+++ Input material

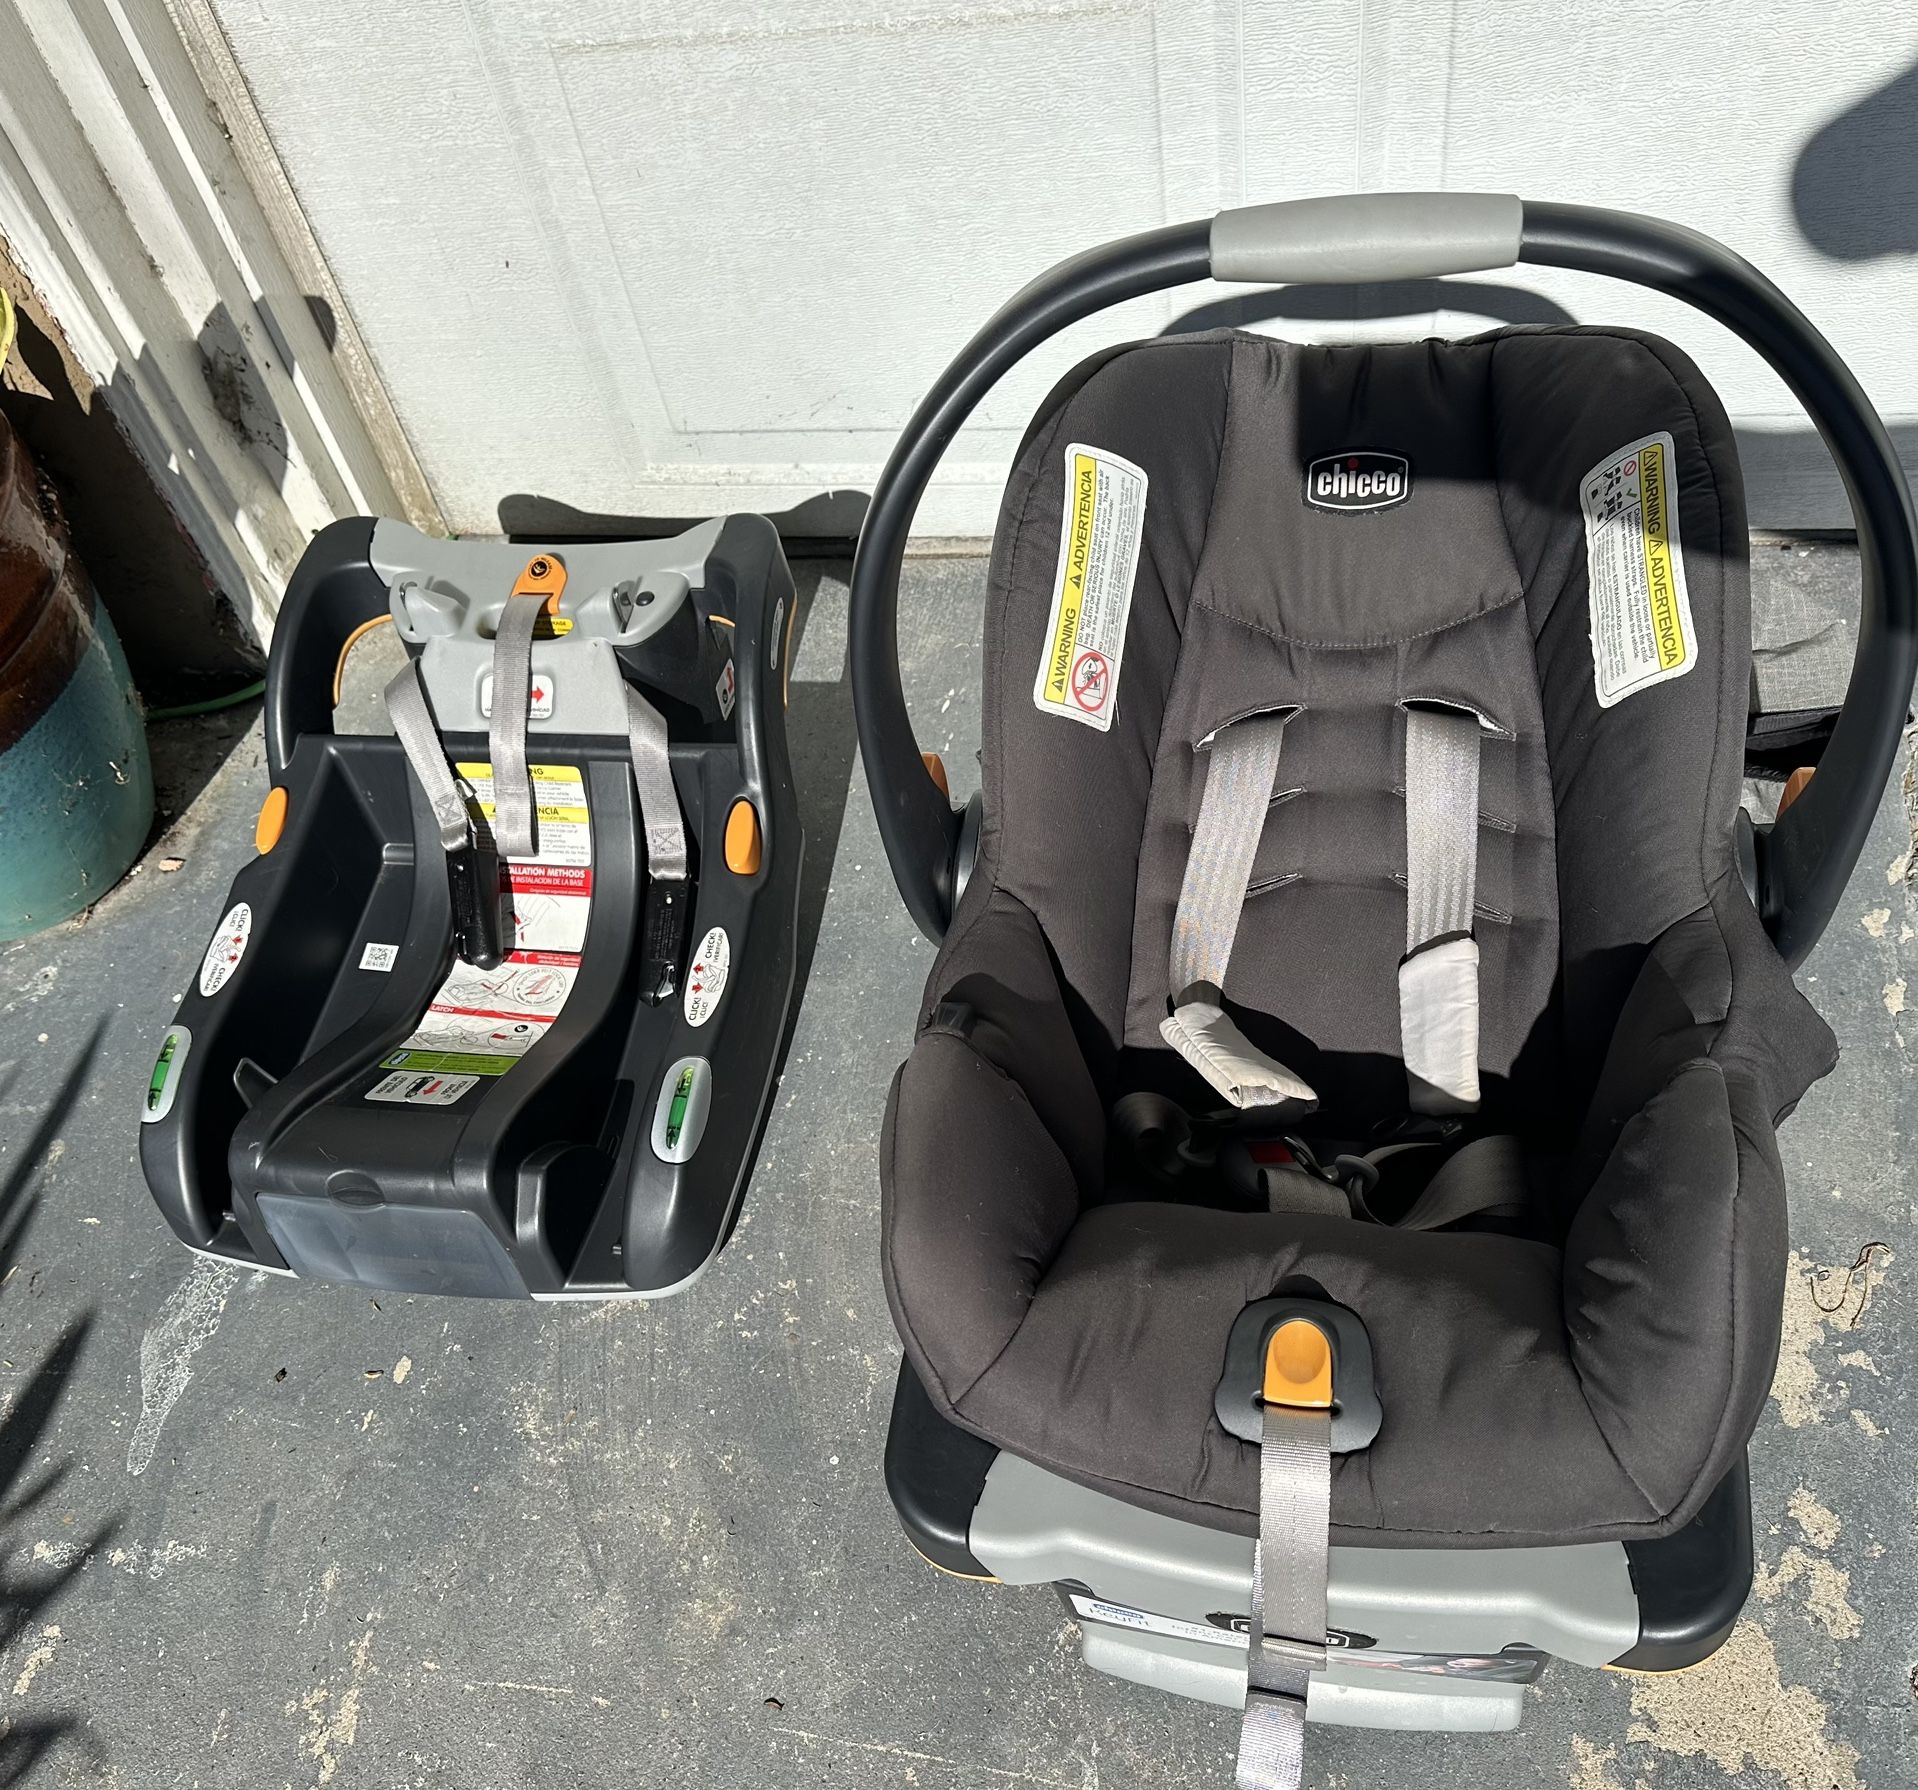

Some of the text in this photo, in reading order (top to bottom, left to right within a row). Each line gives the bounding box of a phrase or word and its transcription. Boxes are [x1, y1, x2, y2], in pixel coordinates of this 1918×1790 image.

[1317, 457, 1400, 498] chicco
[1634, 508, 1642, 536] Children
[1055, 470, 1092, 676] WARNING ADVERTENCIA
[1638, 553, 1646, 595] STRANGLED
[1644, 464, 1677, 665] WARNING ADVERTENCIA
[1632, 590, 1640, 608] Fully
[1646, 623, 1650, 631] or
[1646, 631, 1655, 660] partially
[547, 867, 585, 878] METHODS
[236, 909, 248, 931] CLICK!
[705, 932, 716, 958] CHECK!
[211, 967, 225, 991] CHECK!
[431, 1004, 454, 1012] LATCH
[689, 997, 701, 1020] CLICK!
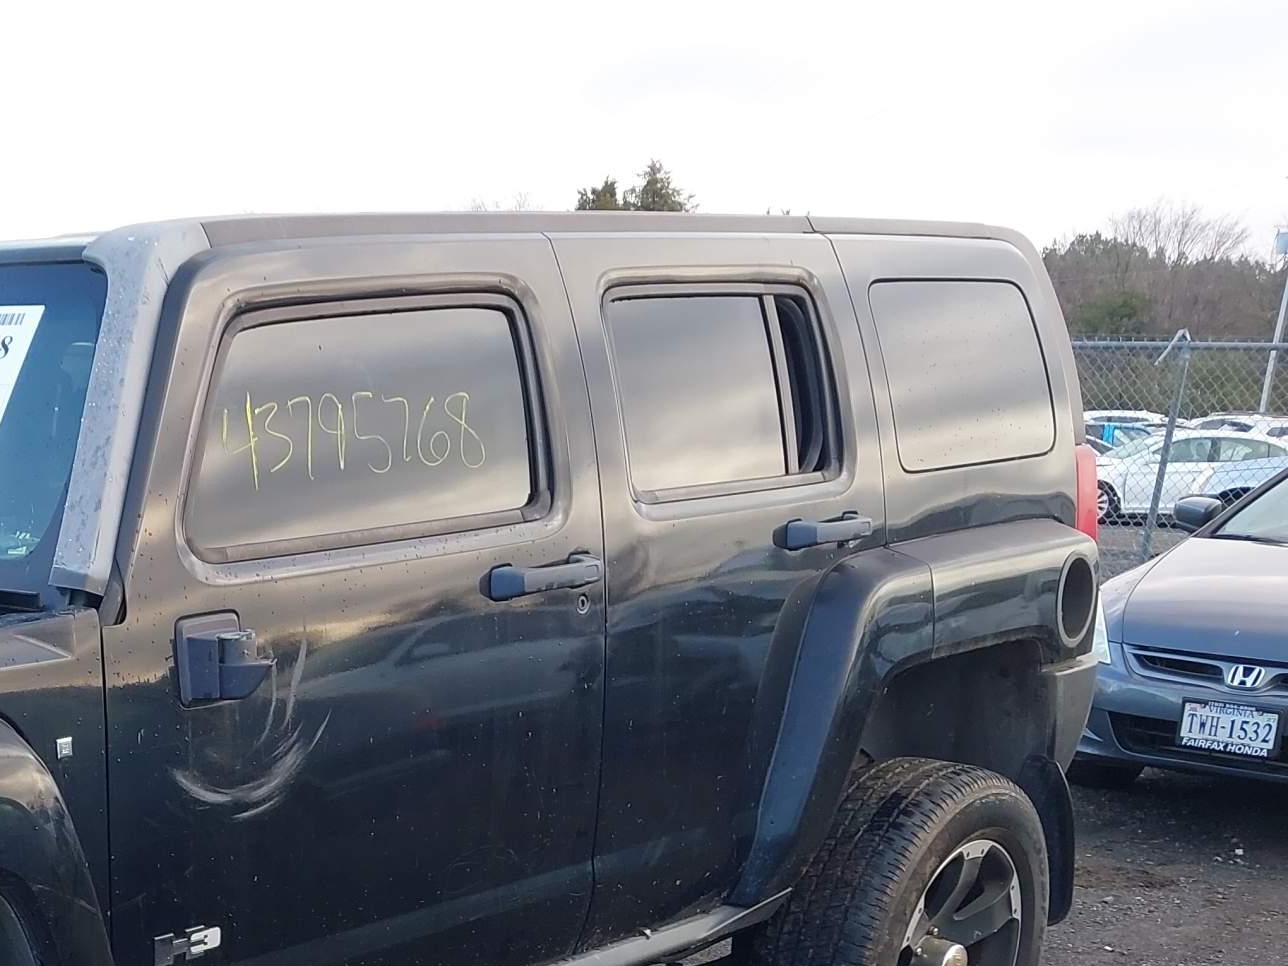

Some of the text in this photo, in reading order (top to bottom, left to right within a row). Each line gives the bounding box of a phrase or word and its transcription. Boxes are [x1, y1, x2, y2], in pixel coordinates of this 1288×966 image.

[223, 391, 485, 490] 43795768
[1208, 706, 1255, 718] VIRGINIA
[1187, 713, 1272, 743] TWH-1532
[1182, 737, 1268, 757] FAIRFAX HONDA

++++++

◆ **Directions for this task**
Output every record above exactly, leaving out the pictures.

◆ **Answer to this exercise**
Some of the text in this photo, in reading order (top to bottom, left to right within a row). Each line gives the bounding box of a phrase or word and its transcription. Boxes are [x1, y1, x2, y2], in pixel coordinates of this 1918×1790 image.

[1317, 457, 1400, 498] chicco
[1634, 508, 1642, 536] Children
[1055, 470, 1092, 676] WARNING ADVERTENCIA
[1638, 553, 1646, 595] STRANGLED
[1644, 464, 1677, 665] WARNING ADVERTENCIA
[1632, 590, 1640, 608] Fully
[1646, 623, 1650, 631] or
[1646, 631, 1655, 660] partially
[547, 867, 585, 878] METHODS
[236, 909, 248, 931] CLICK!
[705, 932, 716, 958] CHECK!
[211, 967, 225, 991] CHECK!
[431, 1004, 454, 1012] LATCH
[689, 997, 701, 1020] CLICK!

Some of the text in this photo, in reading order (top to bottom, left to right within a row). Each line gives the bounding box of a phrase or word and its transcription. Boxes are [x1, y1, x2, y2], in pixel coordinates of this 1288×966 image.

[223, 391, 485, 490] 43795768
[1208, 706, 1255, 718] VIRGINIA
[1187, 713, 1272, 743] TWH-1532
[1182, 737, 1268, 757] FAIRFAX HONDA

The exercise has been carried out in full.